I loaded the formant samples into a Roland RD-300GX piano as an Audio Key set. Each formant sample is assigned to a particular key and is played by the RD-300GX when the key is struck. Basically, this arrangement gives me a simple one-shot playback engine. The output of the RD-300GX is connected to the microphone/line input of the PSR-S950 in order to drive the vocoder. The mono output of the PSR-S950 is connected to the Micro-BR.

Once everything is connected and levels are set, a little trial and error is needed to find the best formant at each desired vocoder pitch. Think of this as a dry rehearsal for the final recording. Frequently, the formant at the same desired vocoder pitch is the best choice for the vocoded sample. However, sometimes one of the nearby formants is better or produces a more consistent timbre or articulation across the multi-sample. This involves a lot of critical listening and A/B comparison, producing a list of formant and pitch pairs.

Then, it’s time to hit RECORD and capture the vocoded samples by playing the desired pitch on the S950 keyboard and playing the corresponding desired formant on the RD-300GX. Once again, the recording session is converted to WAV format, is transferred to the PC, and is separated into individual WAV files.

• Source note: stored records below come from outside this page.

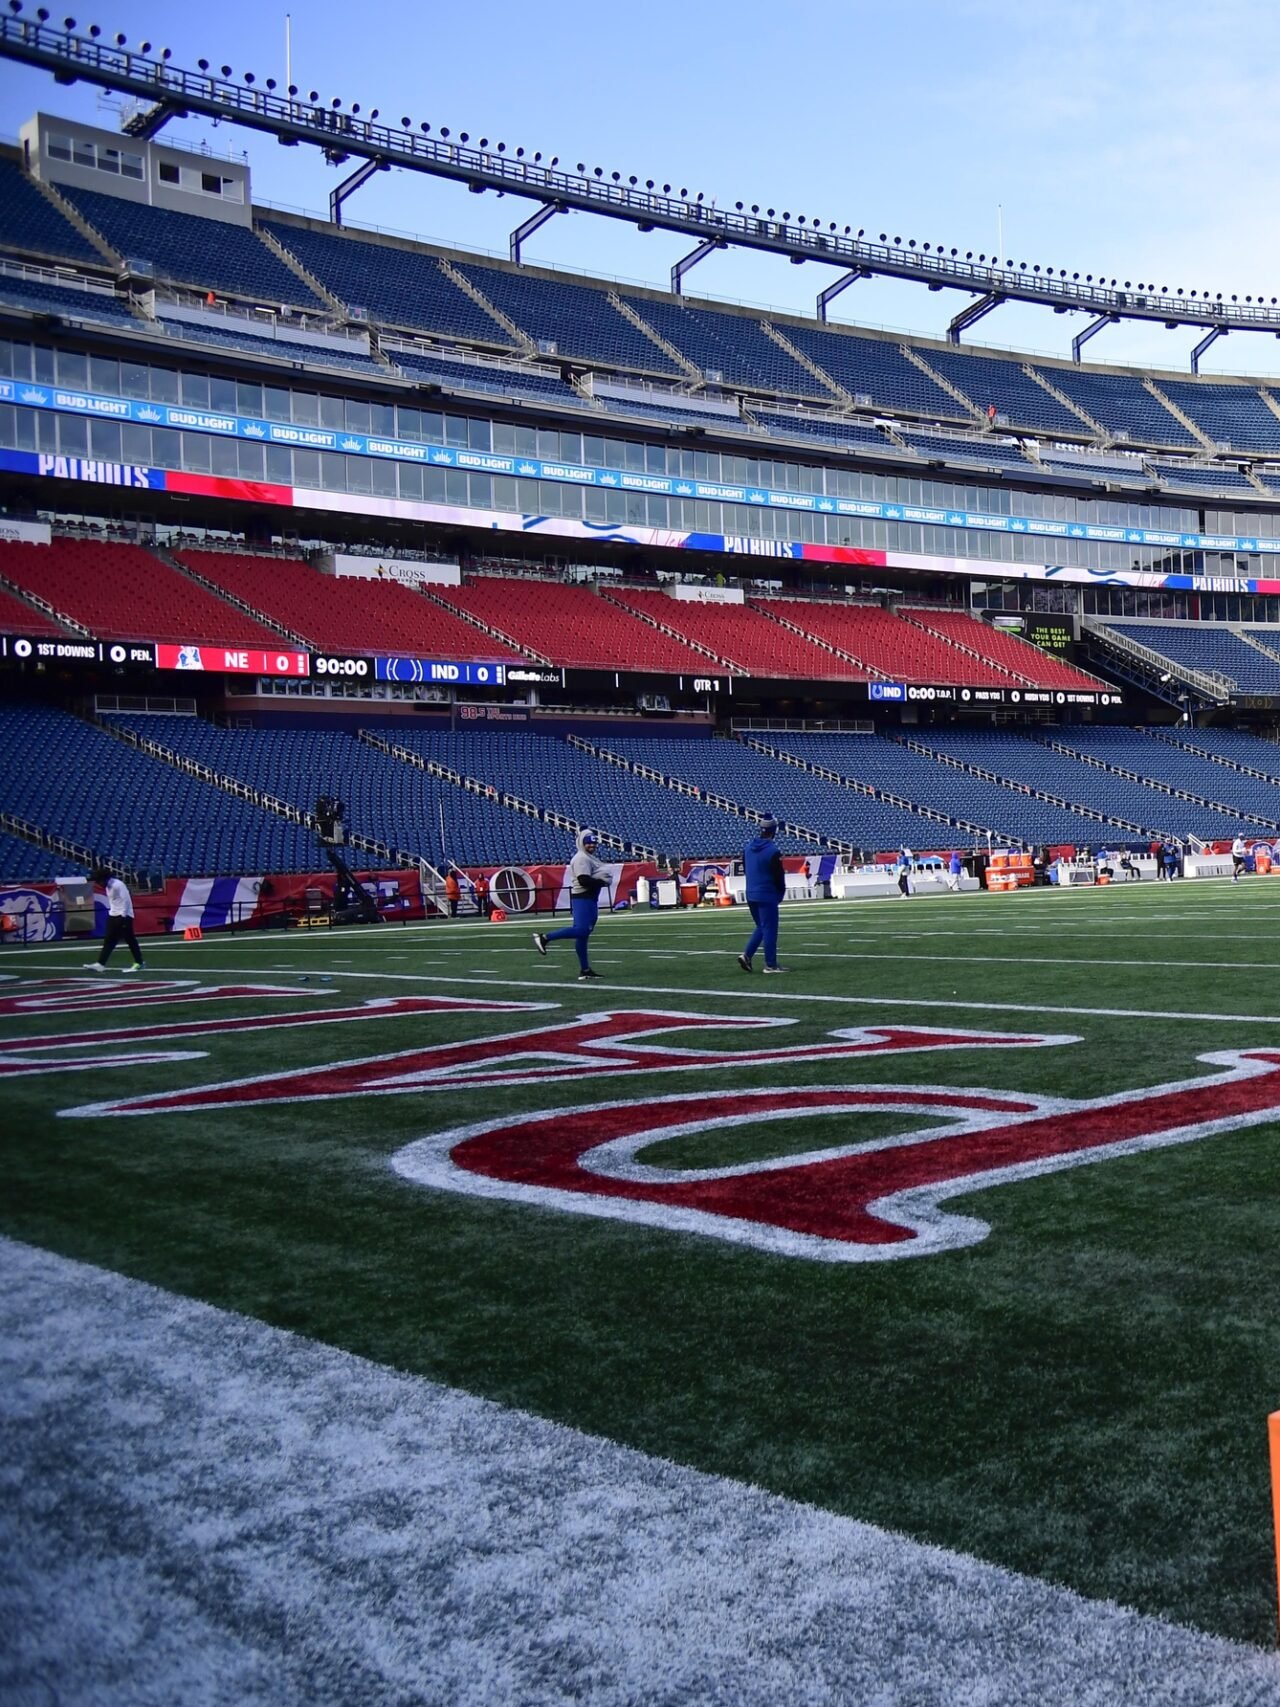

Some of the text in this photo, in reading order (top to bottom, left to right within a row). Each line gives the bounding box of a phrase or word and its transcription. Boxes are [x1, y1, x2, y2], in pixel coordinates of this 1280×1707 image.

[56, 394, 128, 414] BUD LIGHT
[169, 412, 235, 431] BUD LIGHT
[369, 442, 426, 458] BUD LIGHT
[623, 476, 670, 490] BUD LIGHT
[839, 503, 880, 514] BUD LIGHT
[1050, 627, 1066, 635] BEST
[1051, 634, 1071, 642] GAME
[14, 639, 95, 658] 0 1ST DOWNS
[110, 645, 153, 663] 0 PEN.
[224, 651, 289, 671] NE 0
[316, 657, 368, 675] 90:00
[431, 664, 489, 681] IND 0
[694, 679, 719, 692] QTR 1
[883, 686, 901, 698] IND
[908, 687, 935, 700] 0:00
[962, 689, 970, 701] 0
[1011, 690, 1020, 702] 0
[1056, 692, 1065, 704] 0
[1101, 693, 1110, 705] 0
[187, 927, 201, 939] 10

At this point, the DOT, BOP and DOW one shot samples are pretty much complete. The DOO samples need to be looped. For some zany reason, Sony Sound Forge Audio Studio saves loop points in Acid METADATA within a WAV file. The Yamaha voice editor does not pick up this information. After searching the Web, I discovered that loop info within a WAV file is not really standardized. Given that the target tool is from Yamaha, I decided to use Yamaha’s Tiny Wave Editor (TWE) to loop the vocoded DOW samples. This worked out pretty well as TWE’s crossfade looping eliminated some bad thumps without introducing artifacts. A lot of trial and error was still involved in choosing the loop points, however. TWE can be found for free on the Web, by the way.

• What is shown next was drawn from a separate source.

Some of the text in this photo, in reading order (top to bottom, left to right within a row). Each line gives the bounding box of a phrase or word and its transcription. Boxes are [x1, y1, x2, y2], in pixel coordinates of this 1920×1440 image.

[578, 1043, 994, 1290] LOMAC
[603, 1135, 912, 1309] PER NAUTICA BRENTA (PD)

The final production step is to bring all of the vocoded samples into the Yamaha Expansion Voice Editor (EVE) and produce the final voice as part of an S750/S950 expansion pack. I made five voice patches:

  1. DooLoops: DOO syllables over MIDI velocities 1 to 127
  2. GetLayeredUp: All syllables, velocity-switched
  3. DatStuff: DOT syllables over MIDI velocities 1 to 127
  4. BopOnPop: BOP syllables over MIDI velocities 1 to 127
  5. Dow2008: DOW syllables over MIDI velocities 1 to 127

The multi-samples are most easily tested and normalized individually. Plus, the DOO loops and other syllables are musically useful by themselves without velocity switching. I built the GetLayeredUp patch after testing the individual multi-samples and normalizing the volumes of the individual samples within. Choosing the patch names was really fun! (Apologizes to George Clinton.)

The Yamaha Expansion Voice Editor is a trial version for which the trial period was, ahem, adjusted. Yamaha needs to just face facts and release an official version of EVE. Zillions of S750/S950 people are already using EVE and if Yamaha is somehow trying to protect its expansion pack franchise, well, that train done left the station a looooooooooong time ago. At this point, an official EVE would enhance the PSR product ecosystem and sales.

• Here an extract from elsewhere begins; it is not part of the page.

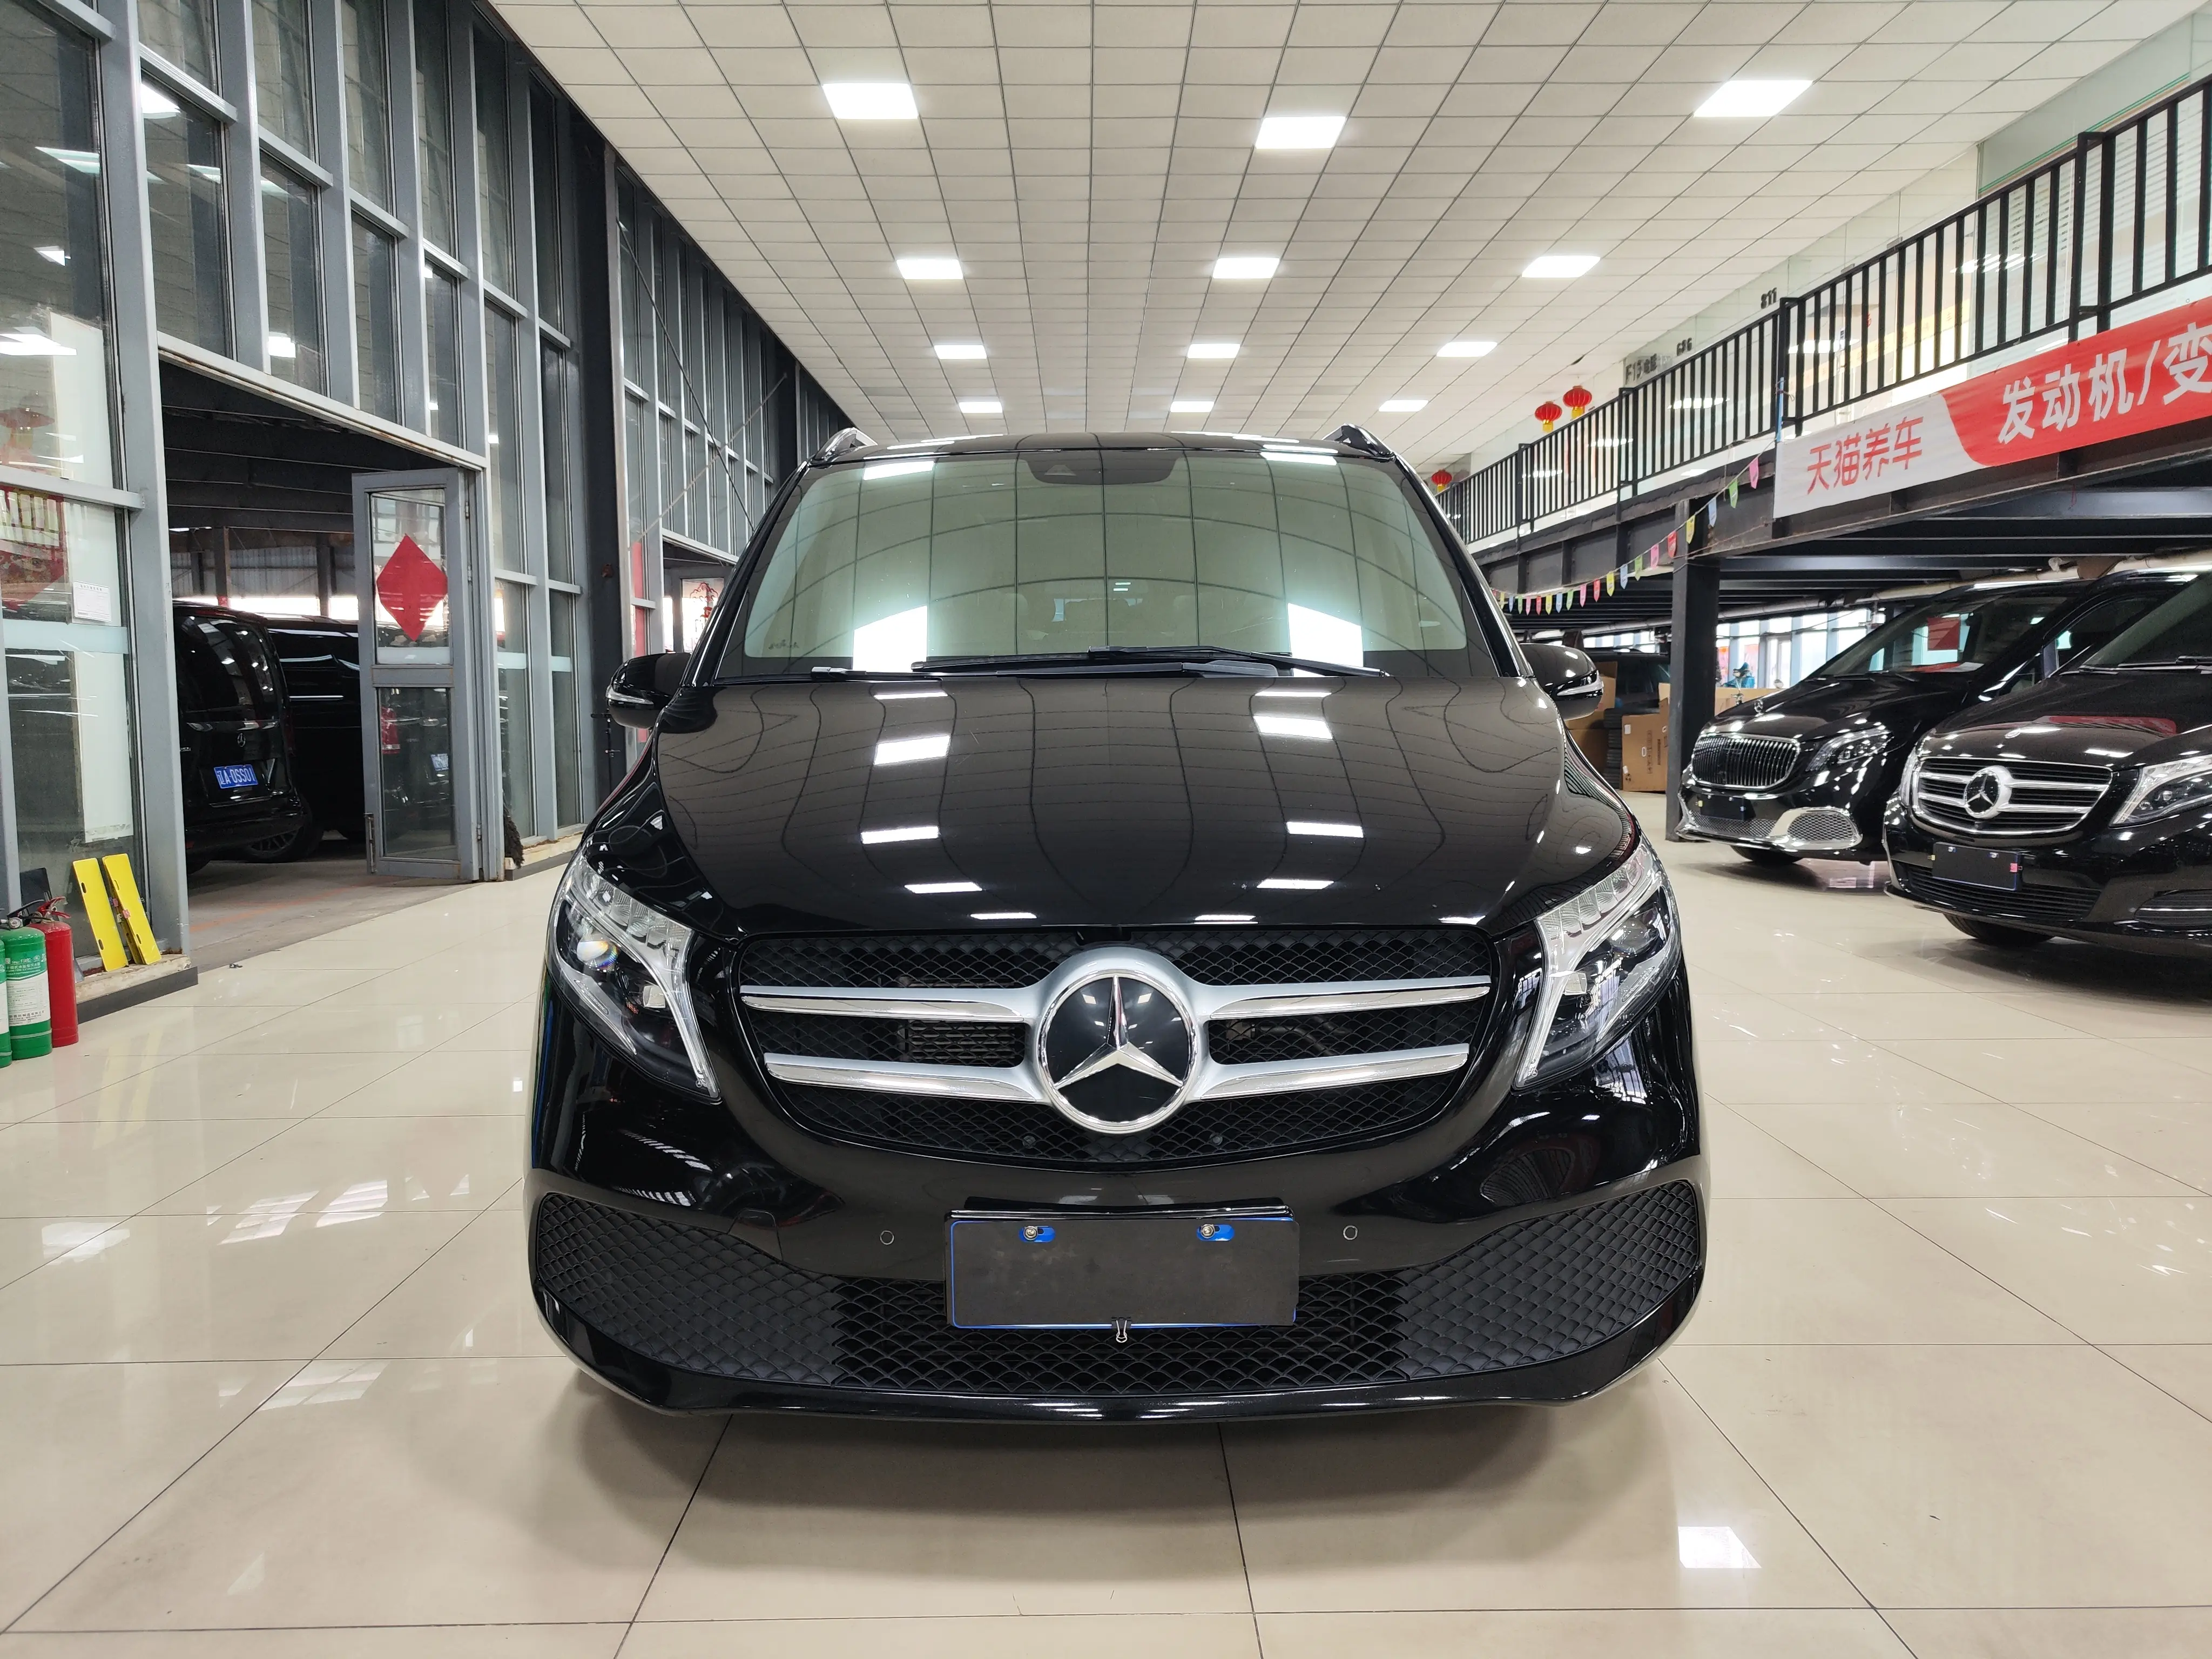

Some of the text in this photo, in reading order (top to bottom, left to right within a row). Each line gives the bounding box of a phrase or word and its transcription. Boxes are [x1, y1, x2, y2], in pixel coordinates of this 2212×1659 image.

[1998, 322, 2212, 444] 发动机/变
[1807, 416, 1924, 495] 天猫养车

EVE does not implement velocity levels/switching. I used V. Muller’s version of the OLE Toy binary editor to set the element velocity ranges in the GetLayeredUp patch. Thank you, V. A huge amount of effort went into the analysis of YEP files and Python coding and he deserves all of the credit.

Thanks to vocoding, the final samples have a consistent sound. They are a little bit plain Jane by themselves, however. I gave each patch a little bit of reverb (reverb send level 20). I also added the “Ensemble Detune 2” DSP effect (send level 64). This is a truly spiffy effect — a chorus without modulation that gives the impression of an ensemble of slightly detuned voices. It is exactly the kind of gloss that the scat voices need.

Although the velocity ranges in GetLayeredUp are reasonable, users should still expect to tweak the keyboard velocity sensitivity and touch response to their personal needs. For example, I need to play GetLayeredUp on the softest touch setting. Your mileage will definitely vary!